He expelled his breath slowly, wearily. “Now, Jess? Now I have to tell the brethren assembled at Brodick. Now I am Grand Master in fact, God help me, with nothing to be Master of. And now I must appoint a Master in Scotland, to guide th
e brethren who remain behind after we are gone. Does all of that sound as futile to you as it does to me?”
“Shush now. Come you.”
She took his hand and led him to the bed.
AFTERWARDS, WHILE HE LAY SLEEPING by her side, she thought about what he might do, and arrived at a decision. It was a grave decision, and she refused to consider it at first, but she knew she had no choice but to accept it, though it might be the death of her.
She sat up and turned sideways to wake him up, and he looked sheepish as he realized that he had rolled off her onto his back, and there fallen straight to sleep, but she merely smiled at him and ran a barely touching fingertip down the line of soft hair that ran from his chest to his navel.

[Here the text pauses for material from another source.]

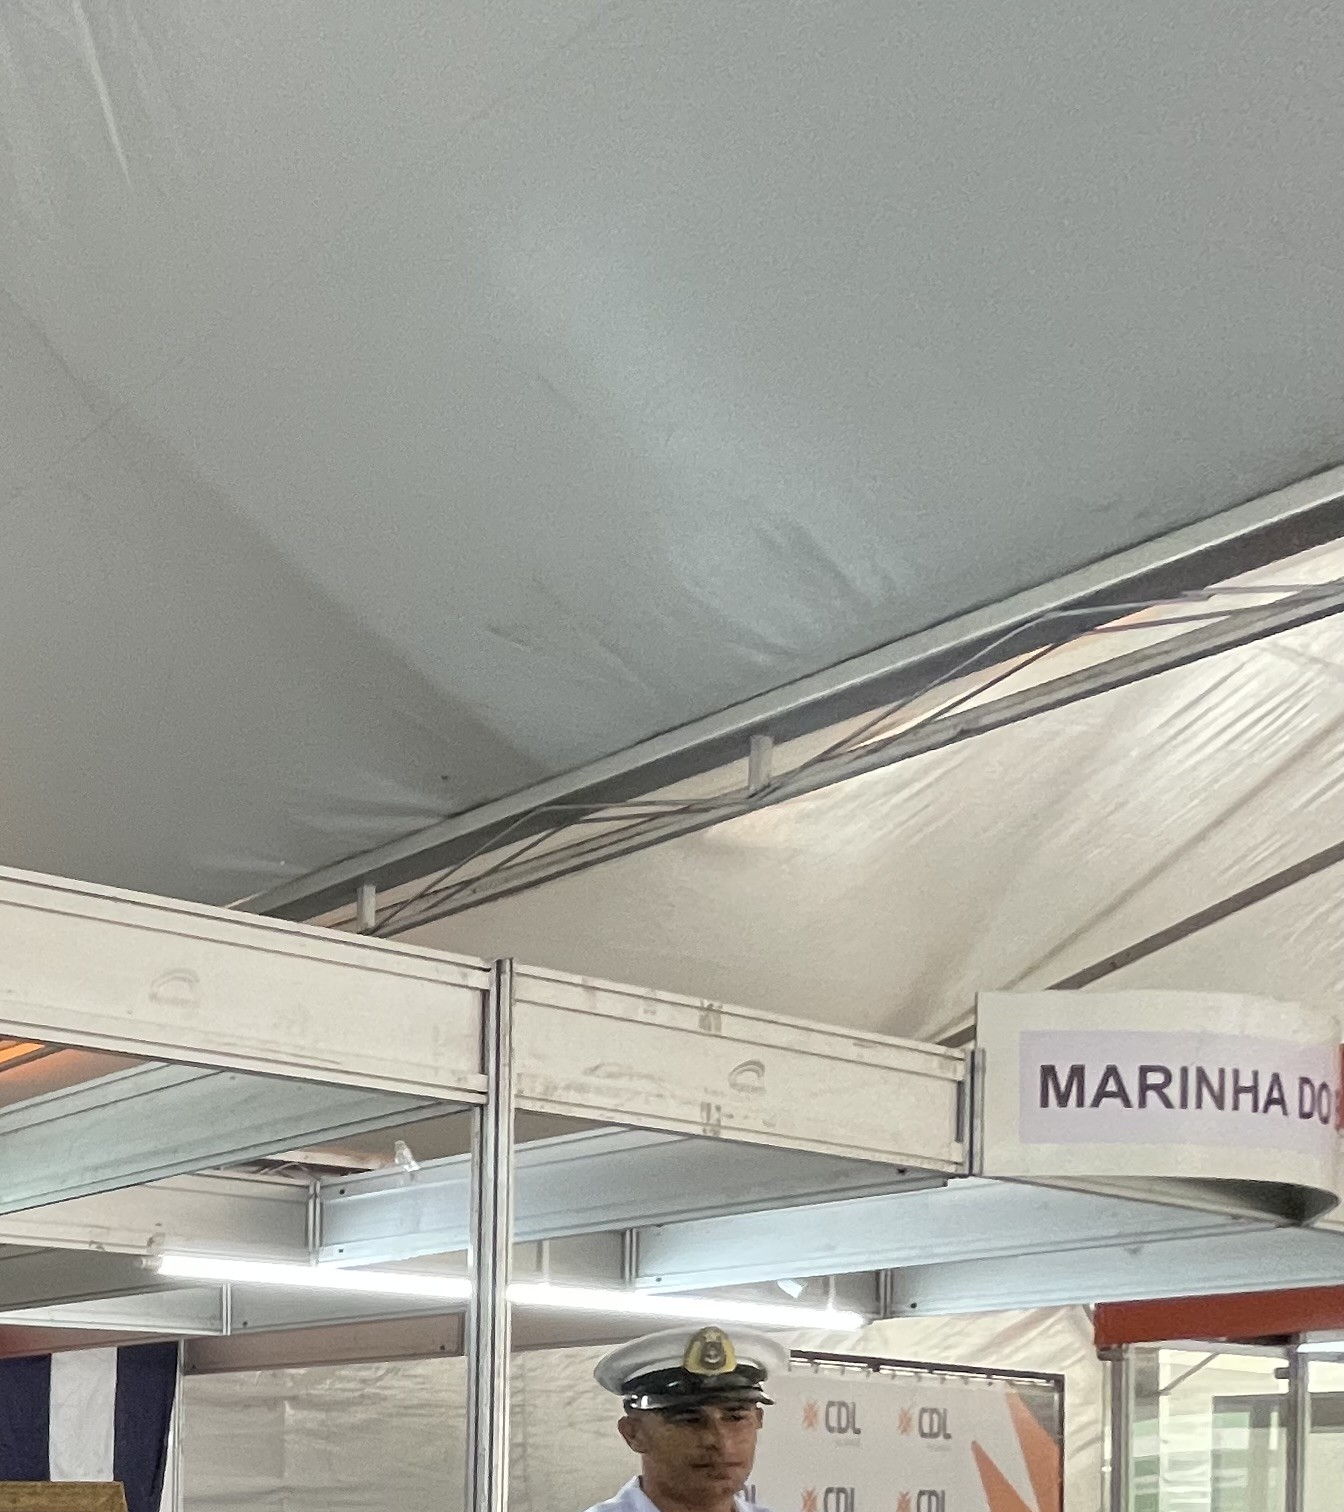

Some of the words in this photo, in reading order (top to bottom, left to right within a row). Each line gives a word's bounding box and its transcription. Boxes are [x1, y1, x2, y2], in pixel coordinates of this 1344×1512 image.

Then she slapped his flat belly and told him to get up and dress.
When he was clothed again and sitting by the fire, she curled up in the chair across from him.
“Tell me now, what of the English? Have you heard anything new?”
“Aye, new and ever growing since Edward sent out his orders, calling eight earls and eighty-seven barons to assemble at Berwick with all their strength. The tenth of June was the assembly date he named, but more than two and a half thousand mounted knights, heavily armored and armed, were already there by March. And each of them brought two or three mounted men-at-arms to back him. By March, Jess, with two months in hand! The English crows are hungry for Scots flesh …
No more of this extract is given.